Durante a construção seus ouvidos
apurados conseguiram captar muitas conversas de técnicos e operários relativas
ao empreendimento. Ficou sabendo que a sua função básica era cuspir fumaça para
a atmosfera diuturnamente e que sua altura favorecia a pressão do fogo nas
caldeiras.
O combustível era a queima de madeira,
igualmente como as fornalhas das máquinas a vapor e teve pena das matas
localizadas às margens do velho Rio Itapecuru. Ouviu também que a água do Rio
Itapecuru seria usada nas caldeiras e para amolecimento e lavagem das raízes de
mandioca e preocupou-se mais ainda, pois, visualizou canais que transportariam
todo esse resíduo tóxico para o curso do rio, localizado ali nas proximidades.
Notou certo dia um ar de preocupação
no semblante do senhor José Alexandre de Oliveira, o Presidente da Associação
Rural de Itapecuru Mirim e, posteriormente, da Cooperativa Industrial e
Agrícola da Itapecuru Mirim, que sempre esteve presente incansavelmente lutando
em todos os campos, pela implantação daquele empreendimento na sua cidade.
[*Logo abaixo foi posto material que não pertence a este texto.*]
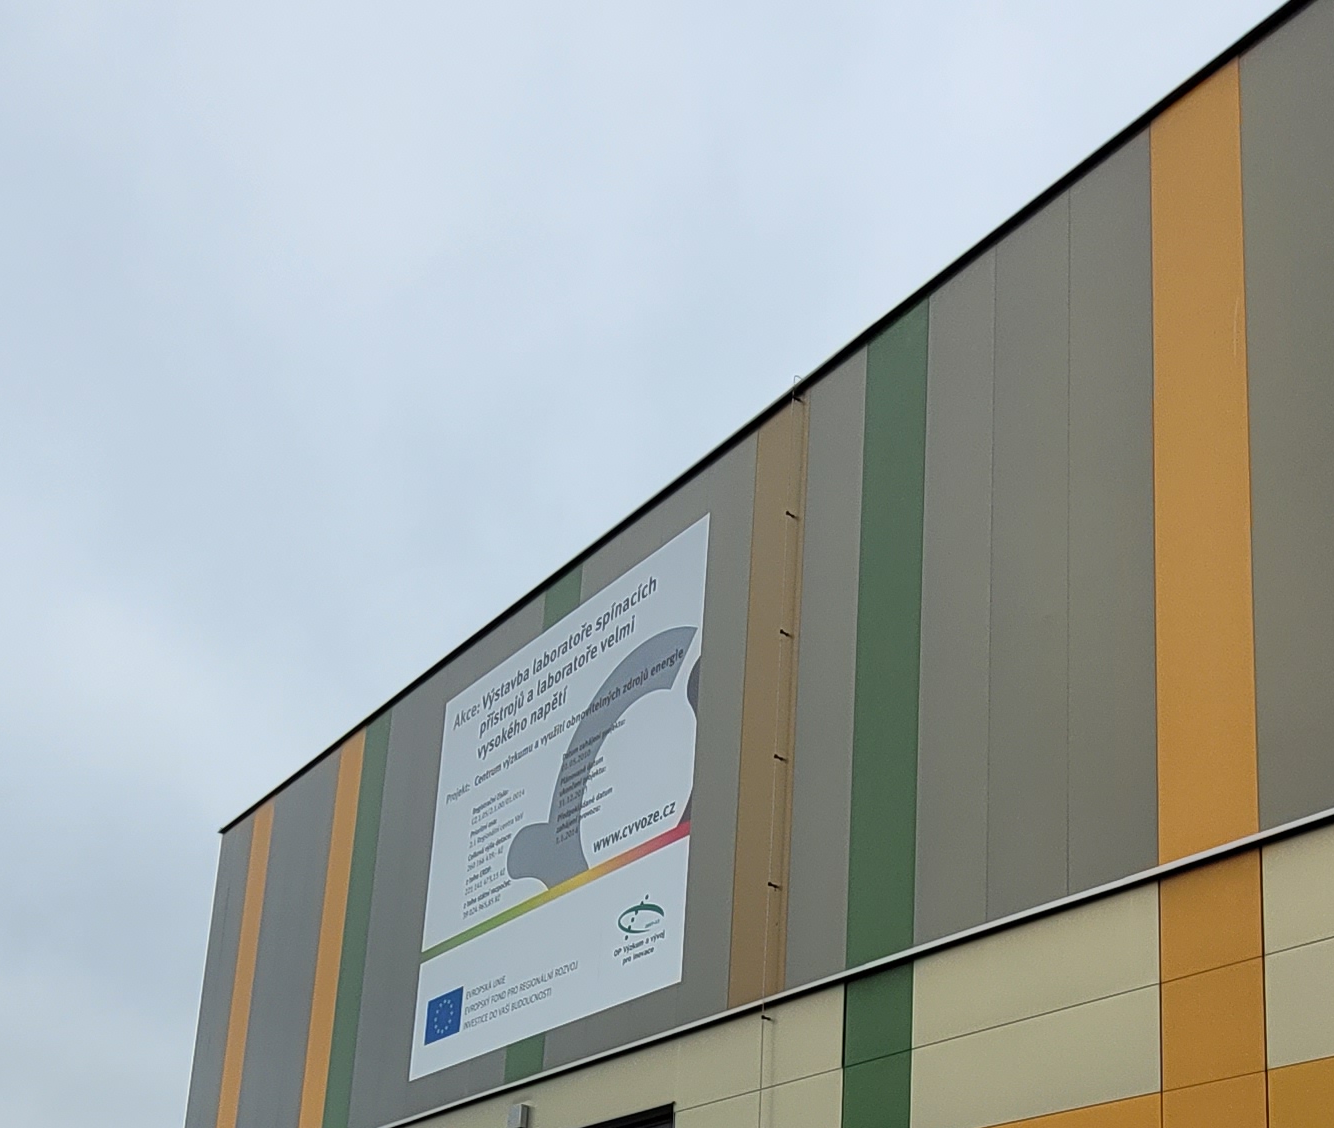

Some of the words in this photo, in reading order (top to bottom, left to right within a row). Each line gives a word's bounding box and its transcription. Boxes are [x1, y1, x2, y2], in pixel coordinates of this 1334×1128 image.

[453, 703, 481, 730] Akce:
[482, 668, 529, 710] Výstavba
[532, 622, 592, 675] laboratoře
[595, 576, 656, 631] spínacích
[479, 691, 524, 739] přístrojů
[526, 688, 534, 703] a
[536, 644, 597, 696] laboratoře
[600, 614, 635, 652] velmi
[474, 763, 502, 786] Centrum
[502, 743, 533, 769] výzkumu
[533, 739, 539, 749] a
[540, 720, 565, 746] využití
[565, 687, 621, 729] obnovitelných
[622, 667, 649, 694] zdrojů
[650, 648, 684, 676] energie
[477, 717, 527, 760] vysokého
[529, 685, 567, 725] napětí
[593, 801, 675, 852] www.cvvoze.cz
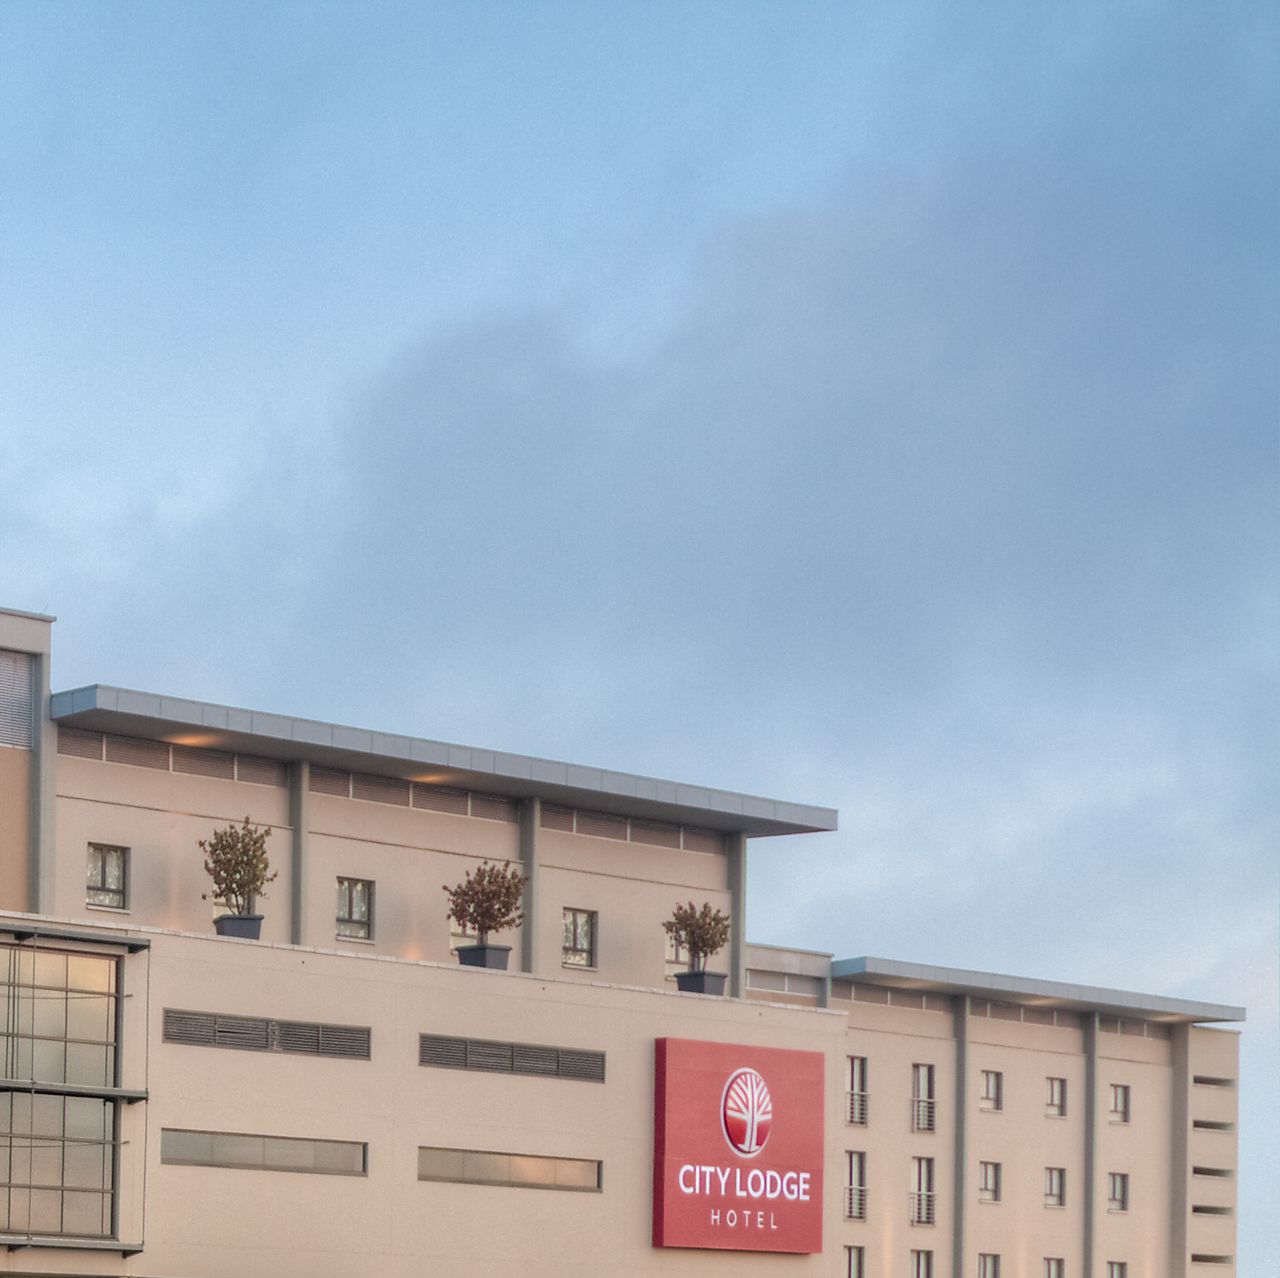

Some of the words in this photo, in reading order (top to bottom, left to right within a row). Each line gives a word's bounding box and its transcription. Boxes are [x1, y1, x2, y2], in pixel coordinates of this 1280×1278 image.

[678, 1164, 730, 1195] CITY
[735, 1167, 811, 1201] LODGE
[711, 1208, 778, 1229] HOTEL
Passou a admirá-lo e ter por ele profundo respeito. Coube-lhe a ingrata tarefa
de administrar o espólio do que sobrou da “Construpan” até o final de sua vida.
O ritmo das obras se reduziram
drasticamente e nem todas as máquinas e equipamentos foram instalados nos
prédios. A formosa “Chaminé sentia um misto de tristeza e alegria e se
recriminava por isso, tendo em vista que a “Construpan” era um sonho de todos,
inclusive dos pequenos produtores que já tinham iniciado o plantio de grandes
áreas com mandioca para fornecimento à usina e se afundavam em débitos.
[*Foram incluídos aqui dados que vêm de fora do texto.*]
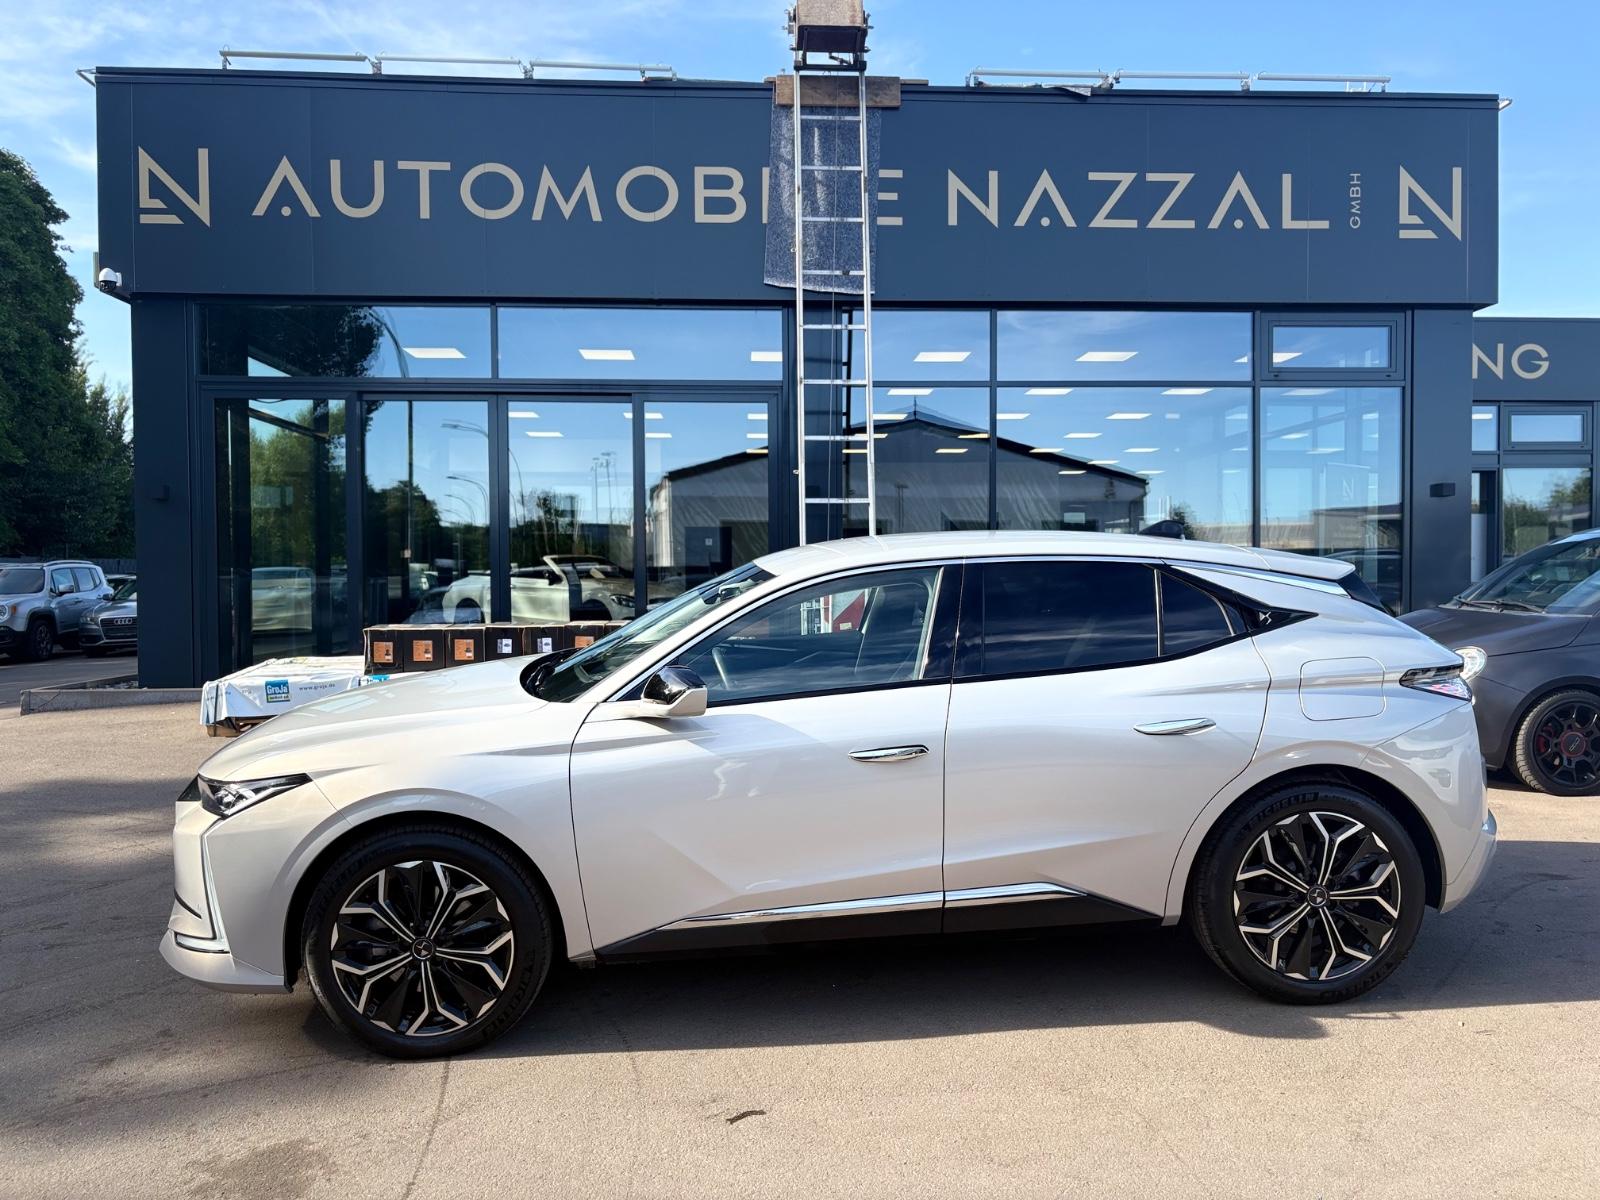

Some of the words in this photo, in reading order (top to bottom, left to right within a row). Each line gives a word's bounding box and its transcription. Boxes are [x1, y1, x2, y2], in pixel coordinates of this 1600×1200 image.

[252, 156, 903, 226] AUTOMOBIE
[948, 169, 1330, 230] NAZZAL
[1349, 173, 1361, 229] GMBH
[1472, 343, 1550, 380] NG
Sobressaltou-se quando viu no escuro
das noites representantes da própria comunidade e cidadãos comuns, sob o
pretexto de prejuízos causados pela construtora, apoderarem-se sorrateiramente
dos equipamentos mais valiosos da fábrica para vende-los a terceiros,
principalmente componentes de cobre e material dos laboratórios.
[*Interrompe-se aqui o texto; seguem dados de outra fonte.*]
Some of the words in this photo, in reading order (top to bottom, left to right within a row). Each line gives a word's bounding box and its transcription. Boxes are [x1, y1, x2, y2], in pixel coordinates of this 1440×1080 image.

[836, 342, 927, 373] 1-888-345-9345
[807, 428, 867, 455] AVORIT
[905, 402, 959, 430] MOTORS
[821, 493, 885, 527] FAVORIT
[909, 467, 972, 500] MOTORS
Lágrimas voltaram a brotar dos olhos
incrédulos da imponente, mas agora alquebrada chaminé, quanto as obras foram
completamente paralisadas em 1947.
A partir daí tudo começo a ruir, não
obstante várias outras iniciativas governamentais e privadas para a retomada do
empreendimento. A agora velha “Chaminé” foi testemunha de horrores quando um
comboio de caminhões no final da década de sessenta adentrou pelo portão
carcomido da velha fábrica em ruinas e com autorização do governo do estado do
Maranhão, levou o que restava das máquinas e equipamentos, pelo que se sabe com
destino à cidade de Coelho Neto onde estava se instalando uma fábrica de açúcar
de um grupo privado.
Quase teve um enfarte quando já nos
anos setenta a Prefeitura Municipal iniciou a demolição dos prédios
abandonados, todos ainda aproveitáveis à época, inclusive uma torre de sete
andares, tendo como objetivo mesquinho a retirada de tijolos para construção de
meios-fios. Um crime inafiançável!
Atalaia
de tijolos vermelhos, a velha chaminé continua sua resistência solitária, já
com a visão embaçada não consegue ver a cidade inteira e apenas um vulto da
torre da igreja que ela jura que era diferente da atual na sua juventude. Jaz
no esquecimento também dos habitantes da cidade de Itapecuru Mirim que já a
tiveram como referência de um futuro promissor, marcado pela industrialização.
É uma bela construção com sessenta
anos de vida! Deveria ser aproveitada como um Monumento à Esperança ou até para
eternizar os males que a falta de compromisso com a coisa pública pode causar.
Foram milhões que enriqueceram poucos e deixaram milhares na miséria econômica,
social e psicológica. Sonhos frustrados! E a velha chaminé continua a ter
calafrios permanentes quando houve, mesmo com dificuldade, notícias de que
essas práticas ainda permanecem vivas.
Até hoje não tem uma opinião formada
sobre a vantagem ou desvantagem de ter ficado inativa todos esses anos, sem
gerar qualquer riqueza, ou ter jogado sobre a população da cidade toneladas de
fuligem vindas de árvores abatidas e queimadas das matas ciares do Rio
Itapecuru. As matas desapareceram e o
Rio Itapecuru está poluído por outros equívocos!